Film Review: The Meteor by Francois Delisle @RainDance

Indie films are all about experimentation. A small budget imposes restrictions on filmmakers but it also means they don’t have financiers more interested in the bottom line than the vision. Producers aren’t trying to insert a bigger star, change the plot to include a car chase or tweak the dialogue.

This is especially lucky in the case of The Meteor by Francois Delisle. Even though it is a 85 minute film it has no traditional dialogue to tweak. Instead everything we hear is from the interior monologues of the characters.

The Meteor is definitely Delisle’s baby. He is the director, producer, writer and director of photography. He also plays Pierre, the main character whose actions affect everyone else. The finished film is unusual, as was its development. Delisle built the story from images sent to him by photographer Anouk Lessard.

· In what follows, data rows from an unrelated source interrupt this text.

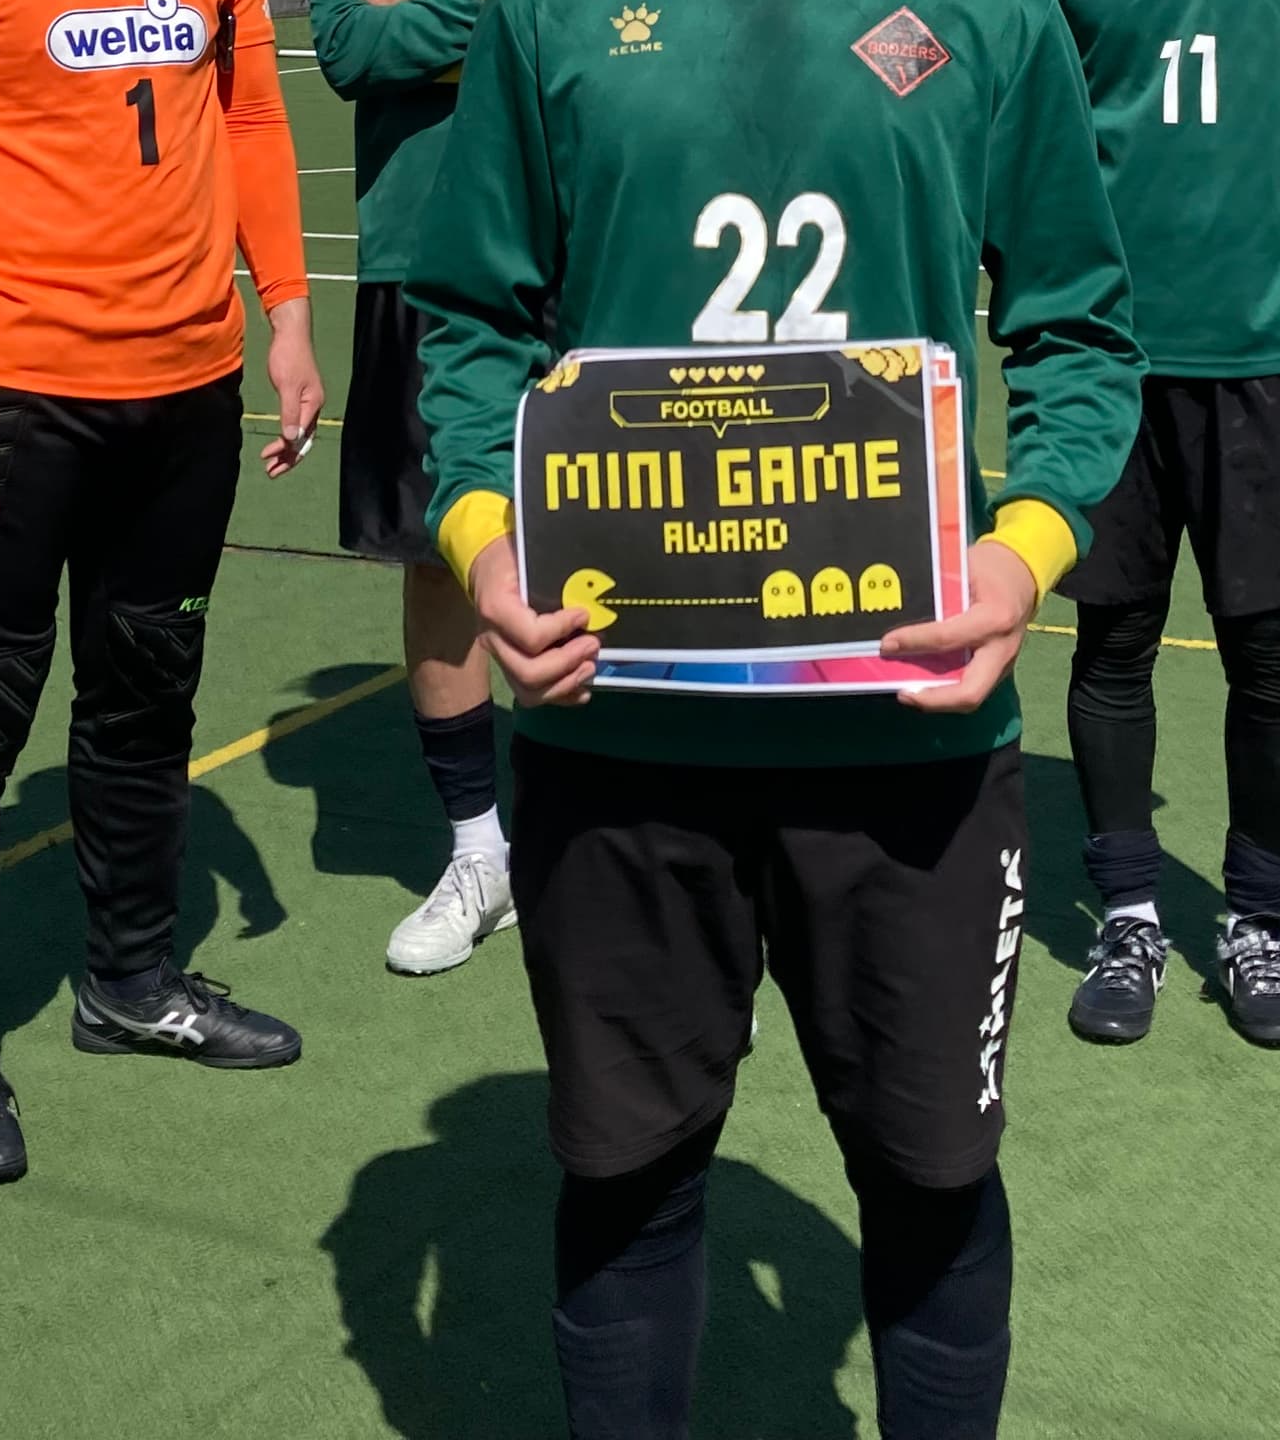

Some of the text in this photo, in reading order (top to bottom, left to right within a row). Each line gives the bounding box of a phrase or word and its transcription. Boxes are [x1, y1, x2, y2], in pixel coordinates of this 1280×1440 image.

[64, 16, 195, 57] welcia
[608, 41, 664, 56] KELME
[867, 40, 938, 61] BOOZERS
[1159, 34, 1218, 124] 11
[125, 78, 160, 166] 1
[691, 192, 848, 343] 22
[660, 397, 774, 420] FOOTBALL
[545, 439, 902, 511] MINI GAME
[663, 517, 789, 555] AWARD
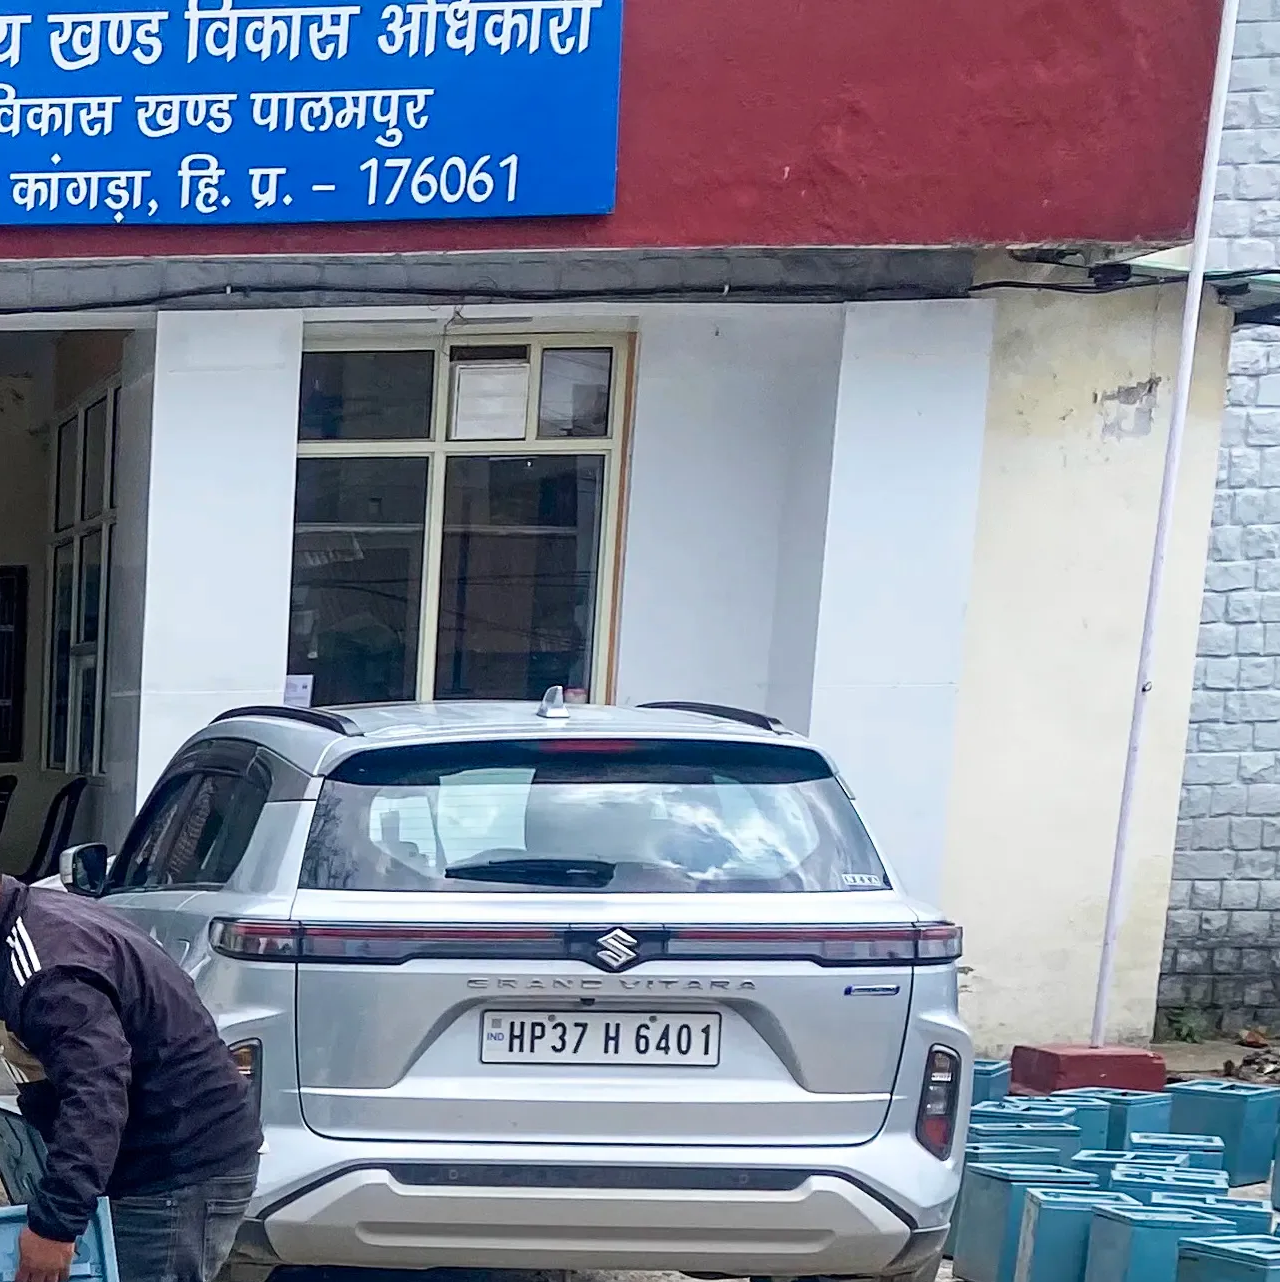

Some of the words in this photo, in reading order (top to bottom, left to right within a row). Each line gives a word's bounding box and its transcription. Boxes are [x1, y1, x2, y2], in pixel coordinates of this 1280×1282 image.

[47, 11, 169, 71] खण्ड
[185, 0, 360, 63] विकास
[135, 94, 237, 138] खण्ड
[250, 88, 434, 147] पालमपुर
[178, 153, 231, 213] हि.
[249, 167, 294, 209] प्र.
[360, 153, 519, 206] 176061
[467, 978, 603, 990] GRAND
[619, 979, 757, 991] VITARA
[487, 1032, 504, 1041] IND
[603, 1022, 621, 1054] H
[635, 1023, 711, 1056] 6401

This is a Canadian film in French that eschews the usual …scene-scene-scene… structure. Instead the viewer is given a procession of visual cues that may, or may not relate to what is being spoken. A mother thinks about her son who is in prison. A voiceover tells us her thoughts, but the camera shows only her elderly hand holding onto the car door as she is taken to visit him. At first this is unnerving, but soon it gives a continuity to the shots, allowing the viewer to sink into them as the wide-ranging narrative gives a constant stimulus.  This is no tightly plotted film where every sentence pushes the action forward. There’s very little action shown on screen. A bit of linen folding, a bit of sex, a bit of hair blowing in the breeze. Otherwise people are observed in solitude with little human interaction. The camera lingers on flowers, the sunset, a woman’s face half-distorted by a glass partition. This might sound visually dull, but the ongoing narration forces the viewer to imbue the images with meaning, making connections between the images and the script that will be different for each viewer.

The story that unfolds is of the aftereffects of the accidental drunk-driving killing of a young woman by Pierre. The painful effects of this on the lives of people around him is clear. His aged mother, who knows that she will not be alive when he is released from jail. His ex-wife, who struggles to move on. One character is a prison guard, whose voice is deliberately hard to distinguish from the prisoner. Although he is technically free we can muse on the similarities between the two men.  Both are trapped, Pierre by solid bars, the guard by other facets of life – his marriage and a daughter he doesn’t understand.

The Meteor is a different way of communicating. It uses cinematic techniques but is unlike most other films you will see. It is great that filmmakers are making interesting experiments such as this.

The Meteor screened as part of the Raindance Film Festival in London.